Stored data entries
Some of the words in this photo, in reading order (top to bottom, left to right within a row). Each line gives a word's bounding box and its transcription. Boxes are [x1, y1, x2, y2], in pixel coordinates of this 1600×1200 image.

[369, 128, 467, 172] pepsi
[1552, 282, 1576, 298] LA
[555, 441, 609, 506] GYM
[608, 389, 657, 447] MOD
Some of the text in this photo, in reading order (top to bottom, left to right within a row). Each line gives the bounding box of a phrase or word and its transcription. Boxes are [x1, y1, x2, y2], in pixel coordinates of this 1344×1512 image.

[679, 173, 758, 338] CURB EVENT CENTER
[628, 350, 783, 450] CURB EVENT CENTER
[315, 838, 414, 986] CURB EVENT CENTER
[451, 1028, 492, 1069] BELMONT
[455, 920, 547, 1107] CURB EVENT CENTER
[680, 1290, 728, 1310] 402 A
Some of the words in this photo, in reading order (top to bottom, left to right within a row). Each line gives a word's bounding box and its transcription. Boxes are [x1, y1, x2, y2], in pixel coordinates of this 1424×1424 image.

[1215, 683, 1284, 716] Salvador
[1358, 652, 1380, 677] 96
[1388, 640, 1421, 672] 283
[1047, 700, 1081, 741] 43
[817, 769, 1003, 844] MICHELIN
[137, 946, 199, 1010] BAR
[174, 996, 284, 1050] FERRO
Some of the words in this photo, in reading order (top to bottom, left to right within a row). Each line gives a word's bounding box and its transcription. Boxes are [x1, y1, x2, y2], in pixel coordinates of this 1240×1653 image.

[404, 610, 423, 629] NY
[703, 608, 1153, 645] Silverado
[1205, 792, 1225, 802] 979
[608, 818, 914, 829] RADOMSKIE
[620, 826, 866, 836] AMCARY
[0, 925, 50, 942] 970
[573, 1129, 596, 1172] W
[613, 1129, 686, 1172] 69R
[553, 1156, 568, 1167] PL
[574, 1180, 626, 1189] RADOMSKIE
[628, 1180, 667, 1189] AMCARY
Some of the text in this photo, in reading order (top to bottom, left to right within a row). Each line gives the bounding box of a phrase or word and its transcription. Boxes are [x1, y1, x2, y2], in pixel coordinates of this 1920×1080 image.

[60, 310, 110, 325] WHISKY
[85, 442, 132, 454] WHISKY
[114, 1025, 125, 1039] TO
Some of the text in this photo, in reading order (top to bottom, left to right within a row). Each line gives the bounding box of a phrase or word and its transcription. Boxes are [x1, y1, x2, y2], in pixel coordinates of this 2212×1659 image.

What is expected:
Copy every line above exactly.

Answer below:
Some of the words in this photo, in reading order (top to bottom, left to right within a row). Each line gives a word's bounding box and its transcription. Boxes are [x1, y1, x2, y2], in pixel coordinates of this 1600×1200 image.

[369, 128, 467, 172] pepsi
[1552, 282, 1576, 298] LA
[555, 441, 609, 506] GYM
[608, 389, 657, 447] MOD
Some of the text in this photo, in reading order (top to bottom, left to right within a row). Each line gives the bounding box of a phrase or word and its transcription. Boxes are [x1, y1, x2, y2], in pixel coordinates of this 1344×1512 image.

[679, 173, 758, 338] CURB EVENT CENTER
[628, 350, 783, 450] CURB EVENT CENTER
[315, 838, 414, 986] CURB EVENT CENTER
[451, 1028, 492, 1069] BELMONT
[455, 920, 547, 1107] CURB EVENT CENTER
[680, 1290, 728, 1310] 402 A
Some of the words in this photo, in reading order (top to bottom, left to right within a row). Each line gives a word's bounding box and its transcription. Boxes are [x1, y1, x2, y2], in pixel coordinates of this 1424×1424 image.

[1215, 683, 1284, 716] Salvador
[1358, 652, 1380, 677] 96
[1388, 640, 1421, 672] 283
[1047, 700, 1081, 741] 43
[817, 769, 1003, 844] MICHELIN
[137, 946, 199, 1010] BAR
[174, 996, 284, 1050] FERRO
Some of the words in this photo, in reading order (top to bottom, left to right within a row). Each line gives a word's bounding box and its transcription. Boxes are [x1, y1, x2, y2], in pixel coordinates of this 1240×1653 image.

[404, 610, 423, 629] NY
[703, 608, 1153, 645] Silverado
[1205, 792, 1225, 802] 979
[608, 818, 914, 829] RADOMSKIE
[620, 826, 866, 836] AMCARY
[0, 925, 50, 942] 970
[573, 1129, 596, 1172] W
[613, 1129, 686, 1172] 69R
[553, 1156, 568, 1167] PL
[574, 1180, 626, 1189] RADOMSKIE
[628, 1180, 667, 1189] AMCARY
Some of the text in this photo, in reading order (top to bottom, left to right within a row). Each line gives the bounding box of a phrase or word and its transcription. Boxes are [x1, y1, x2, y2], in pixel coordinates of this 1920×1080 image.

[60, 310, 110, 325] WHISKY
[85, 442, 132, 454] WHISKY
[114, 1025, 125, 1039] TO
Some of the text in this photo, in reading order (top to bottom, left to right within a row). Each line gives the bounding box of a phrase or word and its transcription. Boxes are [x1, y1, x2, y2], in pixel coordinates of this 2212×1659 image.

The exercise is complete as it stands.